— Exercise objective —
Set the data down again, exactly as it reads, but without the pictures.
━━━━━━
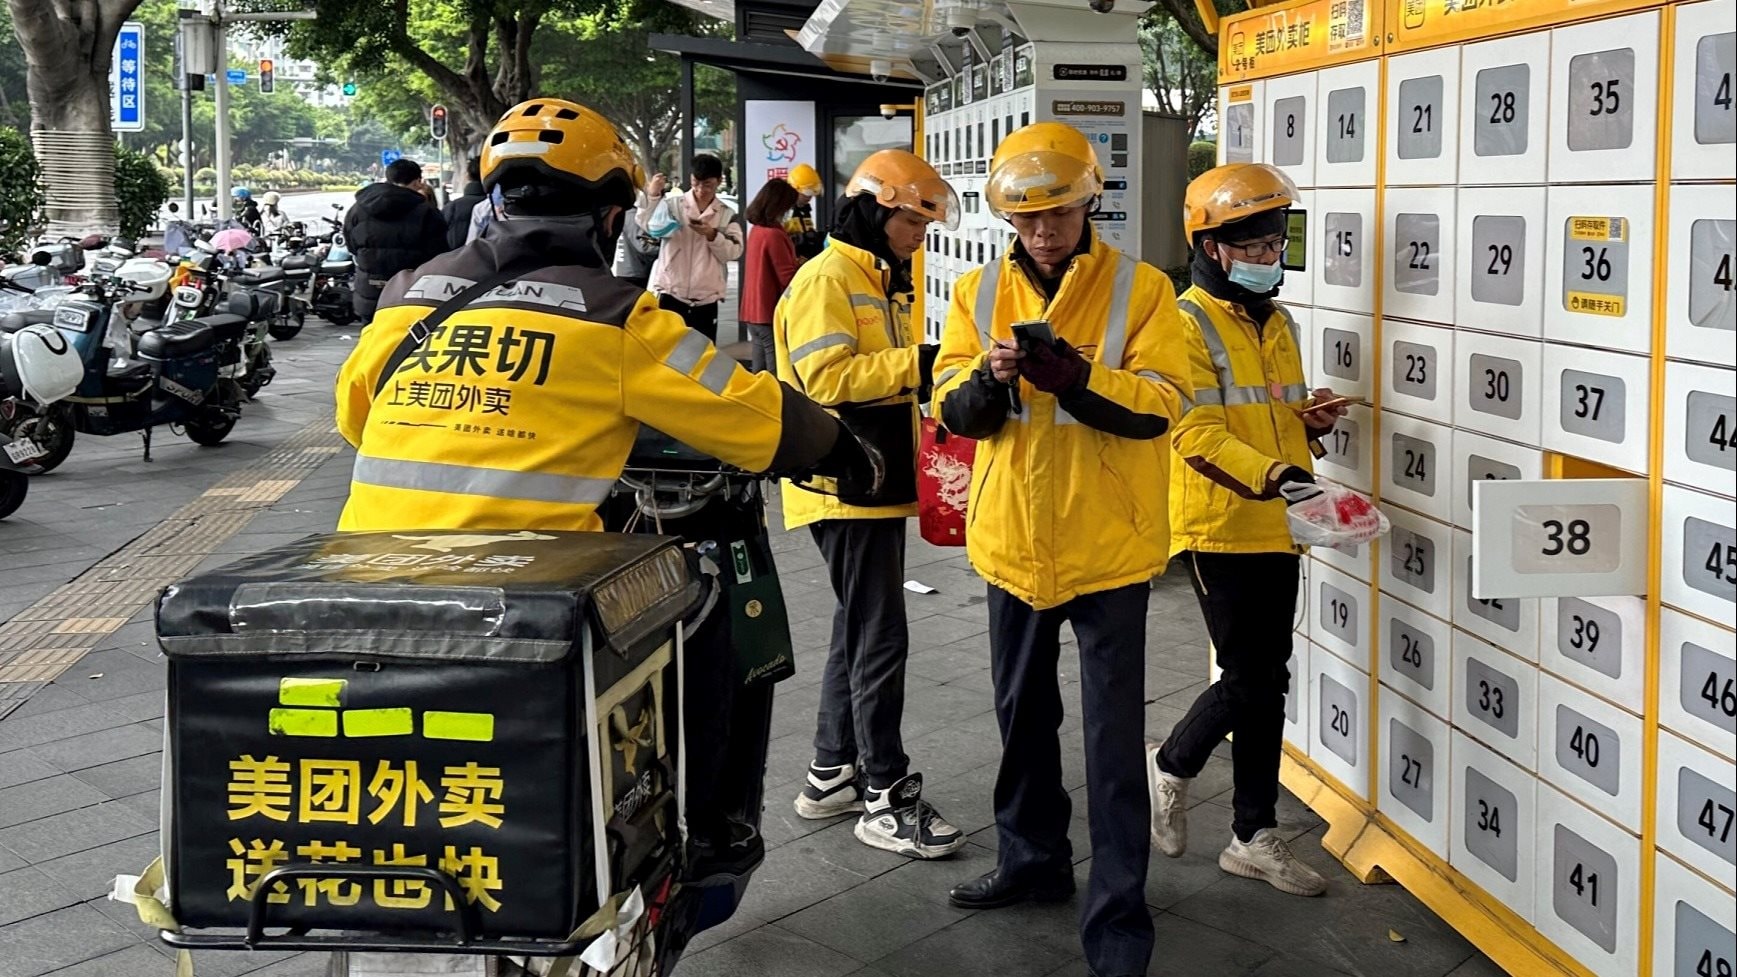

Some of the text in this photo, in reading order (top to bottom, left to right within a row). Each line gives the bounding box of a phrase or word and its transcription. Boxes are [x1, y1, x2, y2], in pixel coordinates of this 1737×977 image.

[1255, 21, 1311, 56] 美团外卖柜
[121, 59, 137, 109] 等待区
[1590, 79, 1620, 116] 35
[1714, 73, 1736, 110] 4
[1413, 104, 1432, 133] 21
[1490, 92, 1515, 124] 28
[1286, 114, 1295, 138] 8
[1338, 113, 1355, 139] 14
[1336, 231, 1353, 257] 15
[1409, 241, 1430, 270] 22
[1488, 244, 1512, 276] 29
[1581, 246, 1612, 282] 36
[1714, 253, 1736, 291] 4
[1335, 340, 1353, 368] 16
[1406, 354, 1426, 384] 23
[387, 380, 512, 416] 上美团外卖
[1485, 369, 1510, 402] 30
[1574, 384, 1605, 421] 37
[1333, 428, 1350, 456] 17
[1405, 449, 1426, 481] 24
[1541, 519, 1591, 556] 38
[1404, 543, 1425, 576] 25
[1331, 599, 1348, 628] 19
[1401, 634, 1421, 668] 26
[1570, 615, 1600, 653] 39
[1478, 680, 1504, 719] 33
[1701, 672, 1736, 717] 46
[1331, 704, 1349, 737] 20
[1569, 726, 1600, 768] 40
[1401, 754, 1421, 788] 27
[227, 755, 504, 828] 美团外卖
[1478, 799, 1501, 838] 34
[1698, 799, 1735, 843] 47
[226, 838, 503, 913] 送花也快
[1569, 863, 1598, 907] 41
━━━━━━
— Response to the exercise —
Some of the text in this photo, in reading order (top to bottom, left to right within a row). Each line gives the bounding box of a phrase or word and its transcription. Boxes are [x1, y1, x2, y2], in pixel coordinates of this 1737×977 image.

[1255, 21, 1311, 56] 美团外卖柜
[121, 59, 137, 109] 等待区
[1590, 79, 1620, 116] 35
[1714, 73, 1736, 110] 4
[1413, 104, 1432, 133] 21
[1490, 92, 1515, 124] 28
[1286, 114, 1295, 138] 8
[1338, 113, 1355, 139] 14
[1336, 231, 1353, 257] 15
[1409, 241, 1430, 270] 22
[1488, 244, 1512, 276] 29
[1581, 246, 1612, 282] 36
[1714, 253, 1736, 291] 4
[1335, 340, 1353, 368] 16
[1406, 354, 1426, 384] 23
[387, 380, 512, 416] 上美团外卖
[1485, 369, 1510, 402] 30
[1574, 384, 1605, 421] 37
[1333, 428, 1350, 456] 17
[1405, 449, 1426, 481] 24
[1541, 519, 1591, 556] 38
[1404, 543, 1425, 576] 25
[1331, 599, 1348, 628] 19
[1401, 634, 1421, 668] 26
[1570, 615, 1600, 653] 39
[1478, 680, 1504, 719] 33
[1701, 672, 1736, 717] 46
[1331, 704, 1349, 737] 20
[1569, 726, 1600, 768] 40
[1401, 754, 1421, 788] 27
[227, 755, 504, 828] 美团外卖
[1478, 799, 1501, 838] 34
[1698, 799, 1735, 843] 47
[226, 838, 503, 913] 送花也快
[1569, 863, 1598, 907] 41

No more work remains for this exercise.